Real EPLI premium numbers by company size and industry, plus the underwriting factors that move your rate - and how HR practices lower what you pay.
Written by
Sarah Chen
Reviewed by
James T. Whitfield

Employment practices liability insurance pricing is more variable than most commercial lines. The same $1 million policy can cost $800 per year for a 5-person consulting firm in Ohio and $6,000 per year for a 25-person restaurant in California. Industry, employee count, location, and claims history all move the number significantly. Here is how the pricing actually works.
Average EPLI Premiums by Company Size
Employee count is the primary rating factor because more employees means more potential claimants and more complex employment relationships to manage.
1 to 10 employees: $800 to $1,500 per year for $1 million in coverage. This is the most accessible tier. Many insurers offer this range through BOP endorsements or small business packages. Premium at this level is affordable enough that most businesses should carry it regardless of perceived risk.

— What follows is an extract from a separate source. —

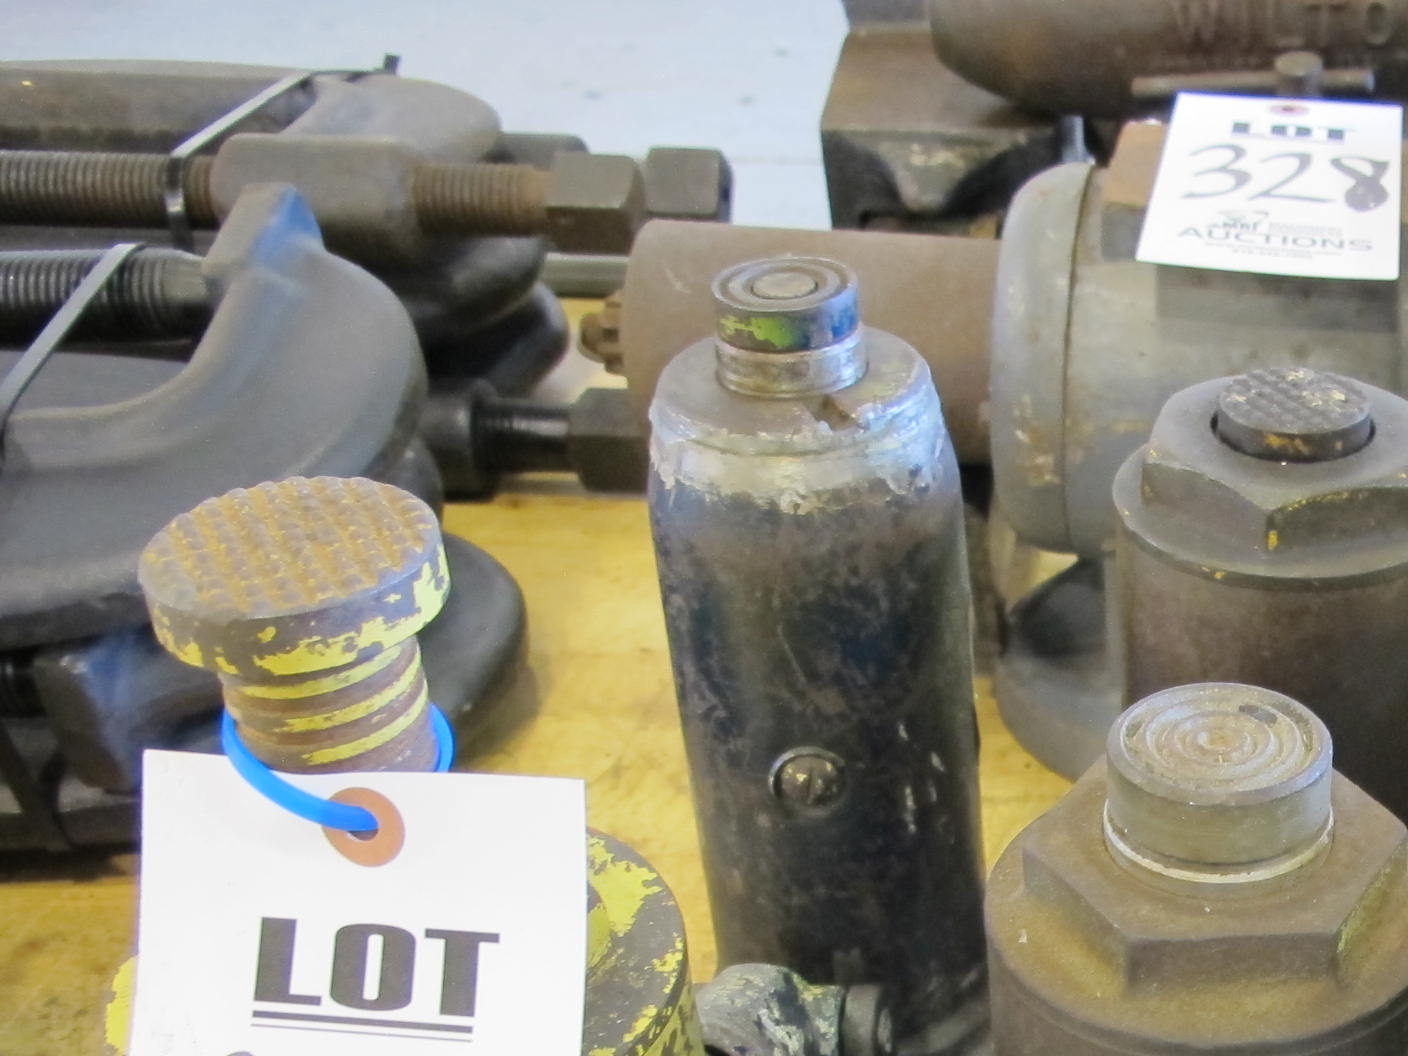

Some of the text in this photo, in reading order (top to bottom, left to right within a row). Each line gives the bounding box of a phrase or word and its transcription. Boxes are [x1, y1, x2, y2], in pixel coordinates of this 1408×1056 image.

11 to 25 employees: $1,500 to $3,000 per year for $1 million in coverage. At this size, underwriters begin asking more detailed questions about HR practices, whether you have an employee handbook, and your termination processes. The additional detail affects rate.

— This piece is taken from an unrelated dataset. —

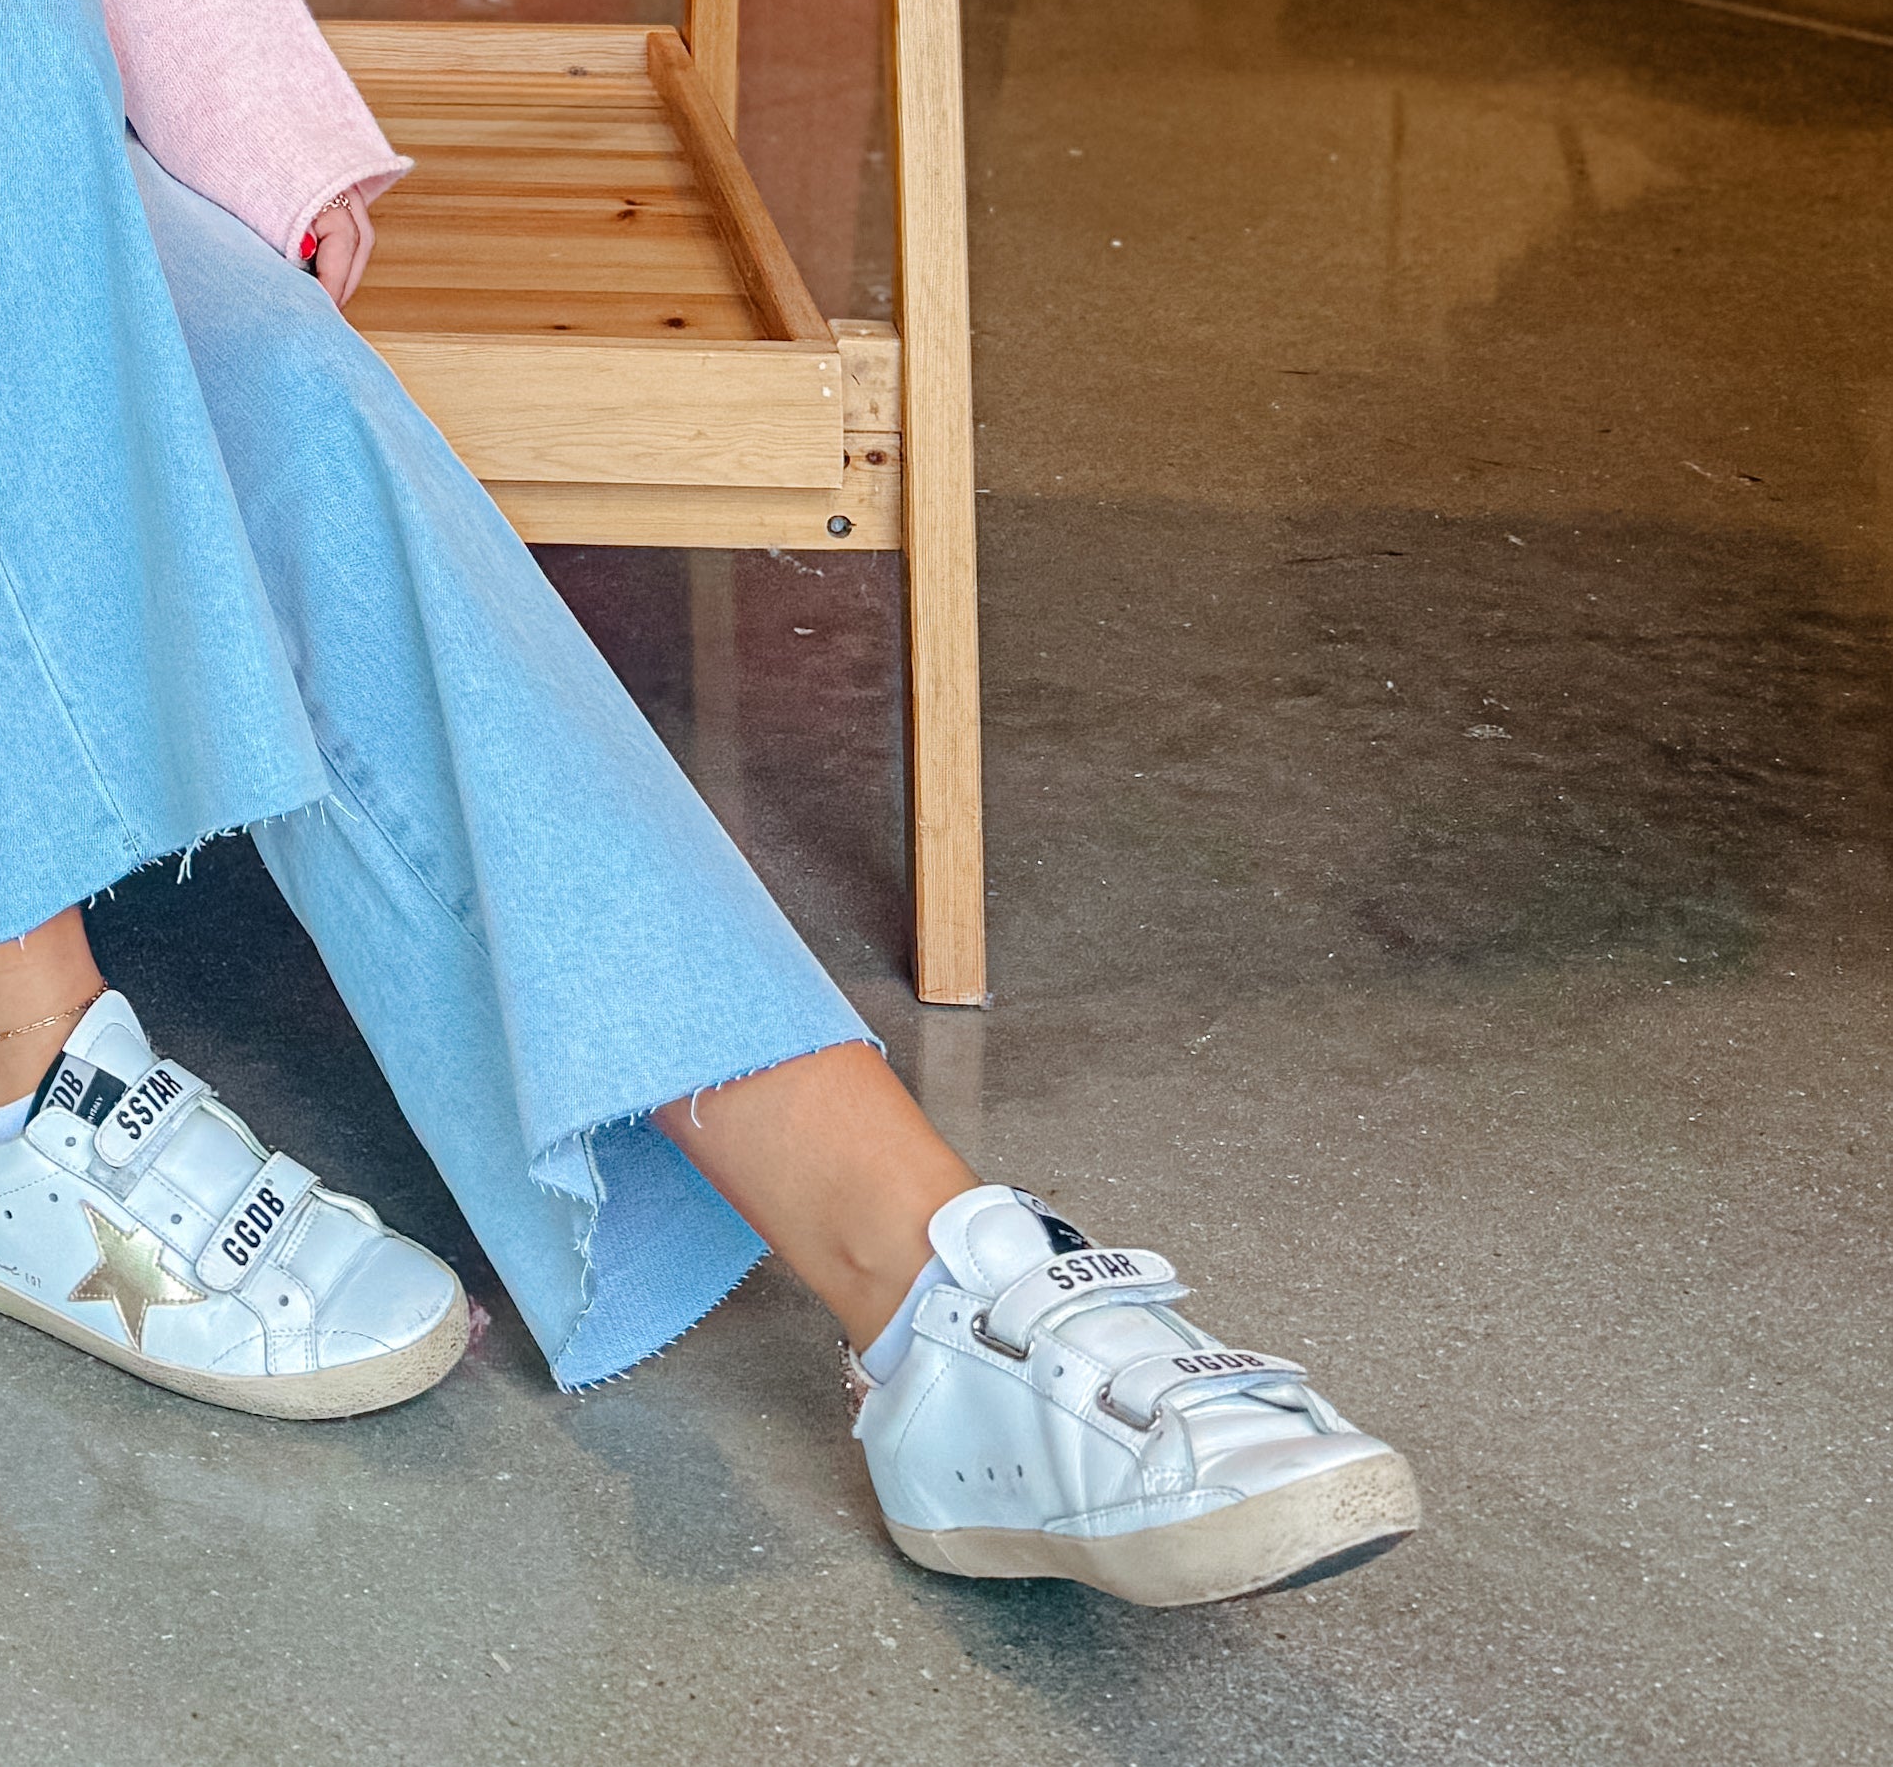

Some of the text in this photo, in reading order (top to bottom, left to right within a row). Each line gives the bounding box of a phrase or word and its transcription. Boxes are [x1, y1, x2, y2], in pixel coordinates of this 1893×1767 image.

[116, 1069, 184, 1140] SSTAR
[221, 1186, 285, 1267] GGDB
[1046, 1253, 1142, 1290] SSTAR
[1171, 1353, 1265, 1374] GGDB

26 to 50 employees: $3,000 to $6,000 per year for $1 million in coverage. Managing employment practices at this size requires more structure, and claims frequency historically increases in this band. Underwriters want to see documented policies and complaint procedures.

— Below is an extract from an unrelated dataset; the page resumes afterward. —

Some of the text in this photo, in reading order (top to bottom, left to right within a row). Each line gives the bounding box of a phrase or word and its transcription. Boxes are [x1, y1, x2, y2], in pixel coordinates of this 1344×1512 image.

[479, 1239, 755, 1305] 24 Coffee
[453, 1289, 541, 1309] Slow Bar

51 to 100 employees: $5,000 to $12,000 per year for $1 million. Companies at this size have enough employees that statistical claims probability is meaningful. Many carriers require $2 million limits for businesses in this range, which raises premium further.
These ranges assume standard industry (professional services, office-based), clean claims history, and basic HR infrastructure. Significant deviations in any direction will move the price outside these ranges.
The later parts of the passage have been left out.